Way back in 2009, the SEC filed charges against Home Solutions of America, and several of the company’s executives, including CEO Frank Fradella and Chief Financial Officer Jeff Mattich, for allegedly lying about non-existent business deals after Katrina, and fraudulently inflating the company’s stock before the Fradella allegedly sold millions of dollars in company shares.
According to the SEC, the company recorded millions in “bogus revenue” and issued a “series of materially false press releases boasting robust financial results following Katrina and other weather-related disasters,” which caused the company’s stock price to rise.
The company’s stock later “plummeted” after a number of large insider stock sales, including Fradella, who allegedly made millions by selling off inflated stock.
Now, nearly nine years later, Fradella and Mattich have agreed to pay disgorgement and penalties to settle the accounting fraud charges brought by the SEC in 2009.
To settle the SEC’s charges, Fradella agreed to pay $1 million in disgorgement and must serve a lifetime ban from serving as an officer or director of a public company. Additionally, Fradella is permanently prohibited from violating several federal securities laws.
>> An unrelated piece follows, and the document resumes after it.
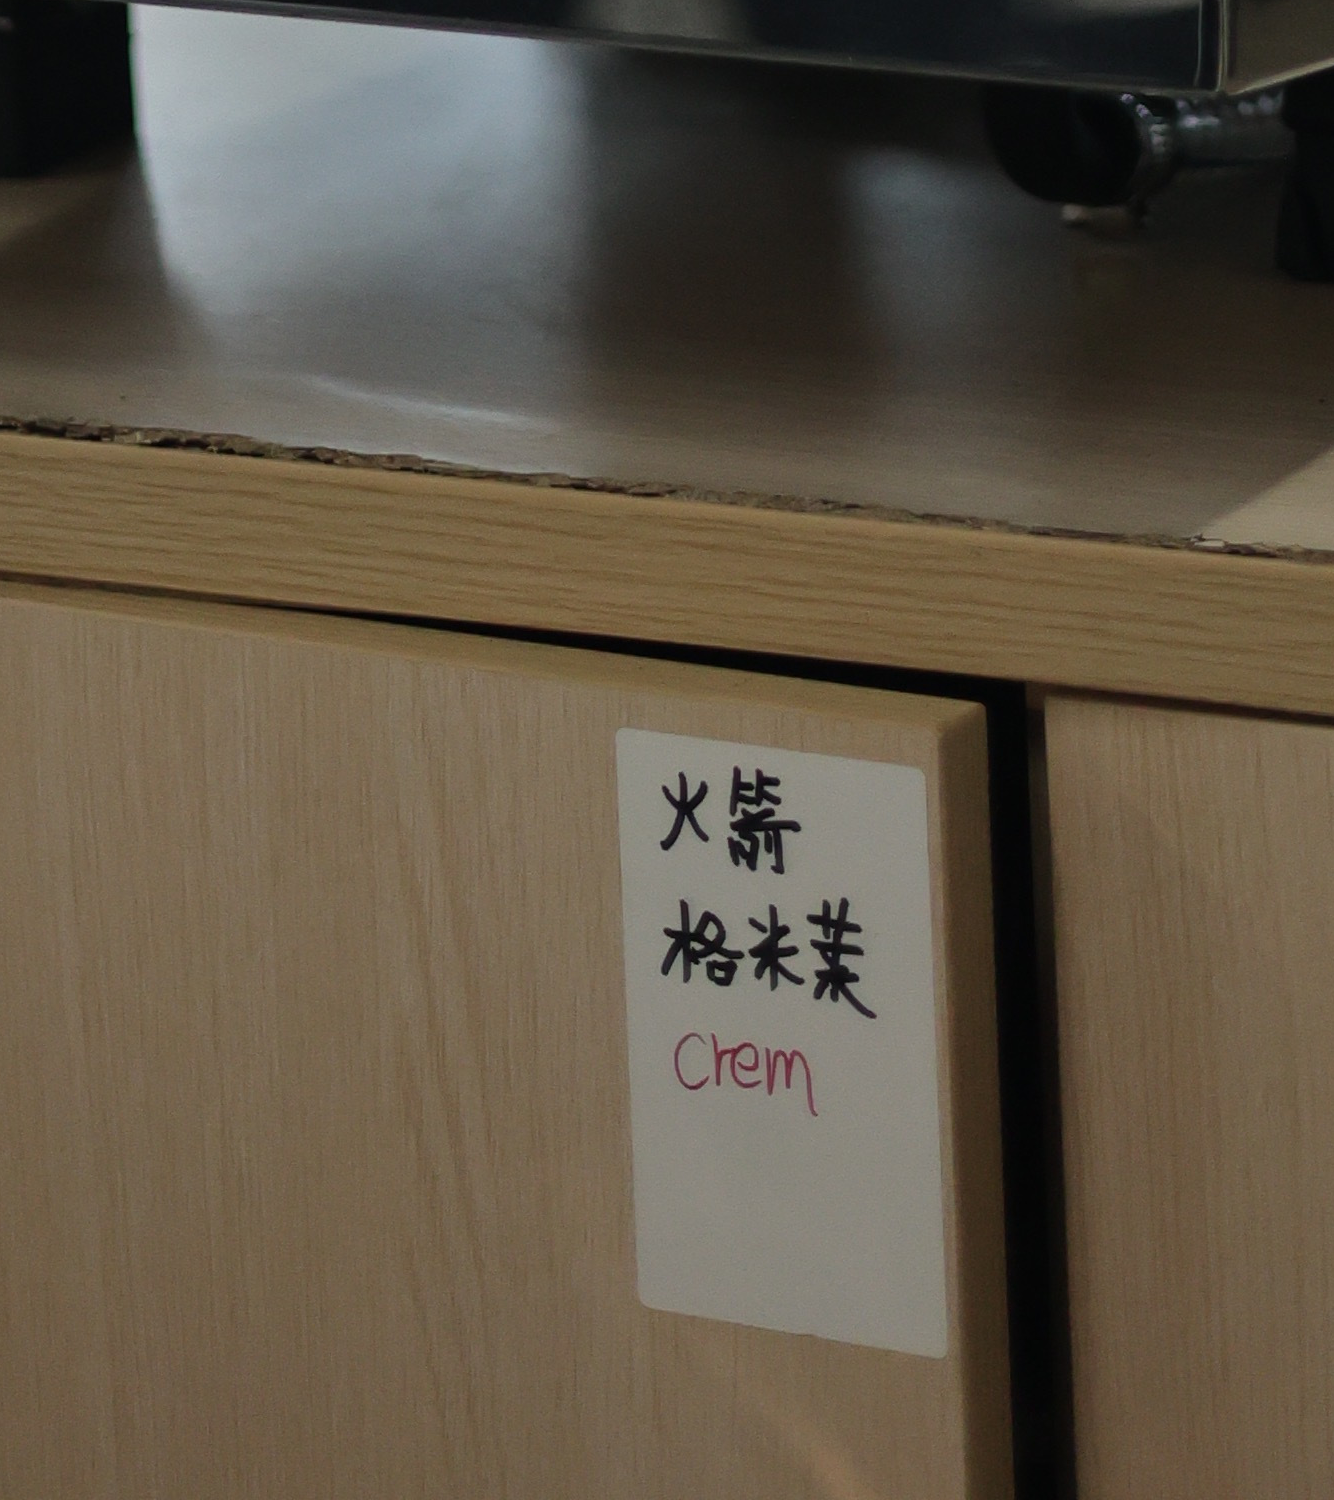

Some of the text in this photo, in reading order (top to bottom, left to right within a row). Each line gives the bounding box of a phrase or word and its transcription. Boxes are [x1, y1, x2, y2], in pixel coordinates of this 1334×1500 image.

Mattich agreed to pay disgorgement of $86,620 and a civil penalty of $50,000, and agreed to be permanently prohibited from violating similar federal securities laws.
The SEC previously obtained final judgments against three other HSOA executives and another conspirator shortly after filing charges. Additionally, back in 2011, the SEC obtained a default judgment against another executive, Brian Marshall, the former president of an HSOA subsidiary, which ordered him to pay disgorgement and interest of $111,168 and a civil penalty of $90,238, and barred him for life from serving as an officer or director of a public company.
Marshall also pleaded guilty to one count of securities fraud and was sentenced to 48 months in prison, while Fradella pleaded guilty to one count of false certification of financial reports by a corporate officer (in addition to an unrelated count) and was sentenced to one year in prison.